Я же утверждаю, что сегодня возможно (и, следовательно, надлежит) разорвать все эти договоры. Предлагаемый мною жест — чисто и просто философский жест снятия швов. Оказывается, что отавная цепь, высшая трудность состоит в том, чтобы снять с философии шов ее поэтического состояния. Позиции позитивизма и догматического марксизма ныне — не более чем окаменелости, чисто институционные или академические швы, Напротив, то, что наделило властью поэтизирующий шов (и, стало быть, Хайдеггера), ничуть не пострадало, не будучи даже и изучено.
Что же делали и думали поэты в эпоху, когда философия теряла присущее ей пространство, подшитая к матеме или революционной политике?

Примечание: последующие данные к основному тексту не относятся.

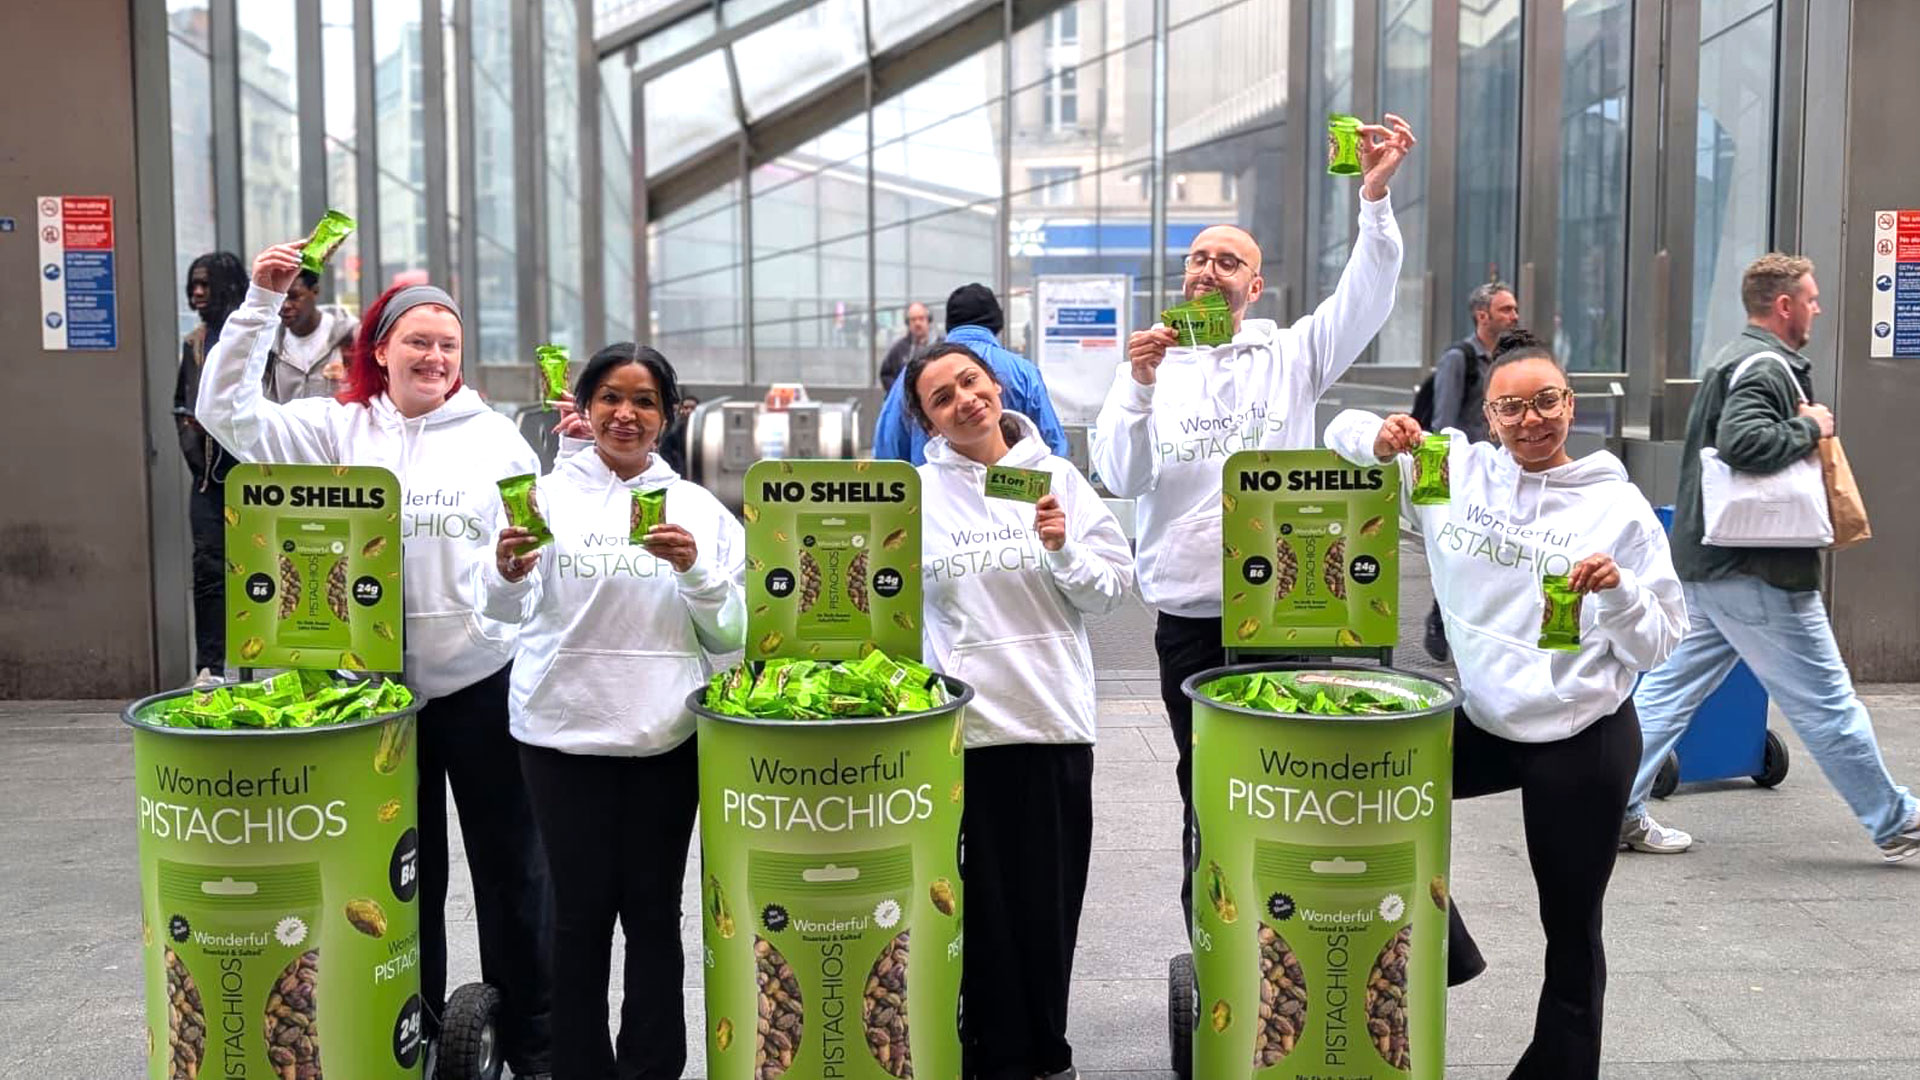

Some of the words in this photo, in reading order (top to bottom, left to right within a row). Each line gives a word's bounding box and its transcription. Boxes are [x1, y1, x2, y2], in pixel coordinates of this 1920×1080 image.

[1160, 411, 1283, 463] PISTACHIS
[763, 481, 805, 503] NO
[810, 481, 905, 503] SHELLS
[1240, 470, 1282, 492] NO
[1287, 469, 1384, 491] SHELLS
[243, 484, 285, 506] NO
[290, 486, 385, 509] SHELLS
[877, 574, 899, 586] 24g
[1354, 561, 1376, 573] 24g
[357, 583, 379, 595] 24g
[772, 581, 787, 591] B6
[750, 751, 904, 785] Wonderful
[1260, 748, 1412, 780] Wonderful
[156, 764, 309, 797] Wonderful
[724, 783, 933, 832] PISTACHIOS
[1229, 778, 1434, 825] PISTACHIOS
[140, 796, 348, 845] PISTACHIOS
[401, 859, 416, 887] B6
[793, 916, 868, 932] Wonderful
[1300, 908, 1374, 923] Wonderful
[194, 931, 268, 946] Wonderful
[822, 943, 845, 1078] PISTACHIOS
[1325, 934, 1349, 1065] PISTACHIOS

В период, который открывается, в общем и целом, сразу после Гегеля, в период, когда философия зачастую подшита либо к научному, либо к политическому условиям, поэзия взяла некоторые из ее функций на себя. К тому же всякий согласится, что речь здесь идет о периоде для этого искусства исключительном. Тем не менее той поэзией и именами, о которых мы говорим, вся поэзия и все поэты далеко не исчерпываются. Речь идет о тех, чье творчество непосредственно распознаваемо как работа мысли, для кого поэма, как раз там, где пробуксовывает философия, оказывается в языке местом, где свершается суждение о бытии и о времени. Эти поэты вовсе не решили заменить философов, они писали, не отдавая себе в такой подмене ясного отчета. Скорее, следует представлять, что на них оказывалось своеобразное интеллектуальное давление, навлеченное как отсутствием в философии свободы хода, так и потребностью построить изнутри своего искусства такое общее, привечающее и мысль, и родовые процедуры пространство, которое философия в своих швах установить уже не могла. Если поэзия особо подходила для этой службы, то дело тут в том> что, с одной стороны, она, по крайней мере до Ницше и Хайдеггера, не фигурировала среди условий, к которым в первую очередь подшивалась философия; с другой, отдаленное призвание поэзии, искусства связи между речью и опытом, — иметь, как будто на своем химерическом горизонте, в качестве идеала Присутствие, каким его может основать речь. Соперничество поэта и философа — старая история, как видно из особо суровой проверки, которой подверг поэзию и поэтов Платон- Взятый у него реванш, пророком которого стал Ницше, не мог не утвердиться под юрисдикцией стихотворения. Декарт, Лейбниц, Кант или Гегель могли быть математиками, историками, физиками; если они кем-то и не были, так это поэтами. Но после Ницше все претендуют именно на это, все поэтам завидуют, все оказываются несостоявшимися, или относительными, или откровенными поэтами, как видно на примере Хайдеггера, но также и Деррида или Лаку-Лабарта, и даже Жамбе или Лардро приветствуют неизбежно поэтическую склонность метафизических воспарений Востока.